Not all communities or practices fit the description of a community of practice—regardless of how wide that description may be. Project teams or working groups, for example, are too strictly focused on a particular task to qualify as a community of practice, which has looser bonds between members and focuses on overall development in a field of expertise (Allee, 2000). Furthermore, communities of practice are completely self-selecting, with members participating because they personally identify with the enterprise of the community and not because they were assigned to a task (Allee, 2000). Considerable “stretching” of the basic structure is permitted, however, as demonstrated by the “distributed community,” which is essentially any community that cannot rely on face-to-face interaction between its members as a primary connector; “… in an era of globalization and worldwide communication networks, distributed communities are increasingly the norm” (Wenger & McDermott, 2002).

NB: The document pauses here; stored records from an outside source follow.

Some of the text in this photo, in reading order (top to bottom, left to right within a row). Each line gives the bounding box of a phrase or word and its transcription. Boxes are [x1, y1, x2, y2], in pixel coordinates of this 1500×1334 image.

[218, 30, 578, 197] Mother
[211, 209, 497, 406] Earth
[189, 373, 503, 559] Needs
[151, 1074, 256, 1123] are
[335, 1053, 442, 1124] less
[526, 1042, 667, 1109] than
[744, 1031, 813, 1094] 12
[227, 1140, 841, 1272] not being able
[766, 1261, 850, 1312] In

Boundary Work and Journalists as Interpretive Communities, Professions, and Organizations
Journalists have alternately been viewed as members of interpretive communities, professions, and organizations, all of whom monitor and maintain their group’s boundaries. An international collection of scholars has recently applied boundary work in case studies of journalistic struggles (Carlson & Lewis, 2015). With boundary maintenance (Gieryn, 1983; Lewis, 2012), the journalistic community works to demarcate good from bad practices and content, and legitimate versus illegitimate members and contributions. We view the framework of boundary work as a compatible, complementary conceptualization to communities of practice and interpretive communities. As discussed in Carlson and Lewis’ edited volume (2015, p. 9), the communities framework is useful for understanding how journalists interact while they are engaged in the process of newswork, while the boundaries framework helps us see how, when, and why journalists feel the need to demarcate “journalism norms, practices and participants.” Journalists in interpretive communities and communities of practice can and do engage in boundary work.

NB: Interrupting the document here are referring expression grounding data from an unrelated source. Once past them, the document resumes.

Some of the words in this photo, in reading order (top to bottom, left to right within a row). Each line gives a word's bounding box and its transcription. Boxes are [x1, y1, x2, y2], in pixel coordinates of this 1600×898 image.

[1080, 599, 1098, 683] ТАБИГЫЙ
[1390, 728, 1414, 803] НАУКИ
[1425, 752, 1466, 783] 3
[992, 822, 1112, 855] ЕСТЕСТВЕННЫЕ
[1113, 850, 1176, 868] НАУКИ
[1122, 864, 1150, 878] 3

Much research about journalists to date has employed Zelizer’s (1993) theoretical framework of viewing journalists as interpretive communities. Conceptualizations of journalists as interpretive communities tend to envision one all-encompassing community of journalists who discursively articulate, negotiate, and maintain the norms, values, and boundaries of their craft. But given that the actual work of people said to be doing journalism can vary to such a great degree today, the interpretive communities framework is flexible enough to be adapted to consider different kinds of journalists into subcommunities, in the same way that Fraser devised the idea of subpublics (Fraser, 1999).

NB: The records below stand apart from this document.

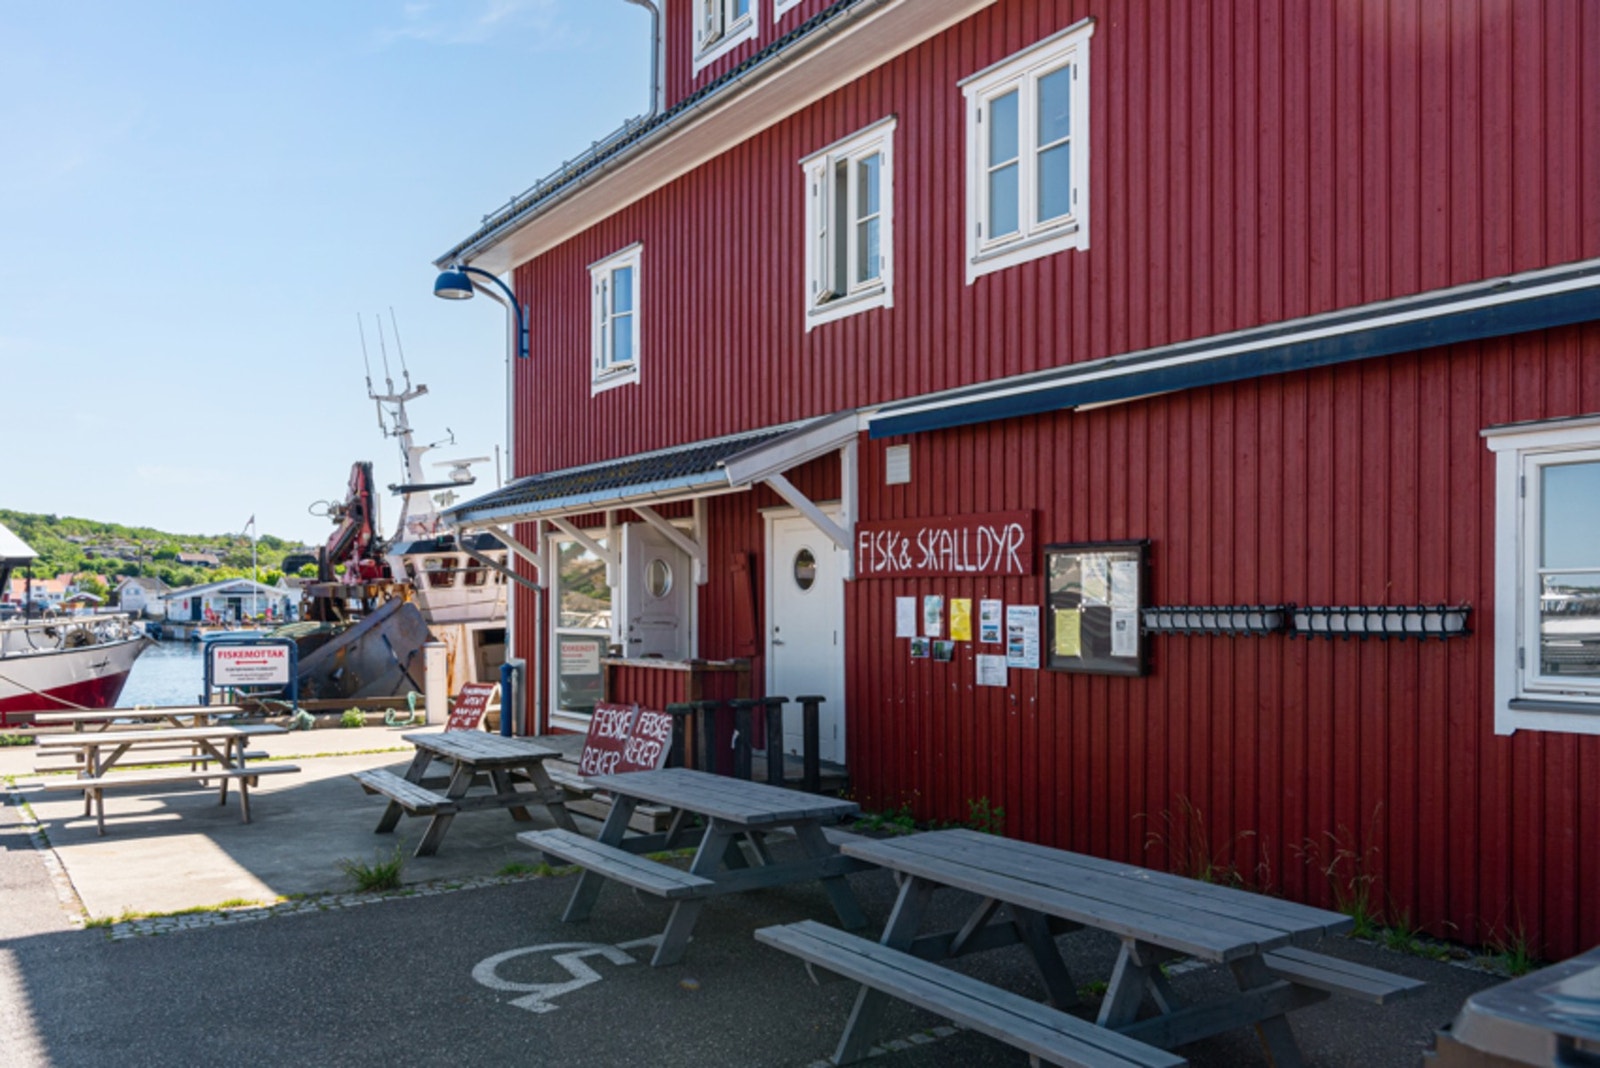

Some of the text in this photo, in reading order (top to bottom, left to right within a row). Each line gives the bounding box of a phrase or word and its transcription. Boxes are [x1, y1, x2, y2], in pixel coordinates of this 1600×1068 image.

[917, 523, 1024, 574] SKALLDYR
[218, 650, 284, 659] FISKEMOTTAK
[591, 709, 633, 740] FERSKE
[636, 711, 673, 742] FERSKE
[581, 746, 620, 775] REKER
[623, 736, 661, 768] REKER

In her 1990 dissertation and later work, Zelizer developed a particular notion of how journalists are tied together as a collective through which they discursively articulate, negotiate, and defend their identity and authority as purveyors of news. This is in contrast to other scholars who have conceived of journalists through the formal organizations by which they are employed (Blau & Scott, 1962; Born, 2004; Epstein, 1973; Weber, 1947), or as members of a profession (Becker, Fruit, & Caudill, 1987; Freidson, 1984; Henningham, 1985). Other scholars have used the lens of occupations to consider journalistic work (Breed, 1955; Fishman, 1980/1999; Gans, 1979; Klaidman & Beauchamp, 1987; Tuchman, 1978; Tunstall, 1971; Underwood & Stamm, 2001; Weaver & Wilhoit, 1986; White, 1950). All of these conceptualizations sought to address how journalists maintain their collective autonomy and authority through self-evaluation, adaptation, and self-control against changing external circumstances.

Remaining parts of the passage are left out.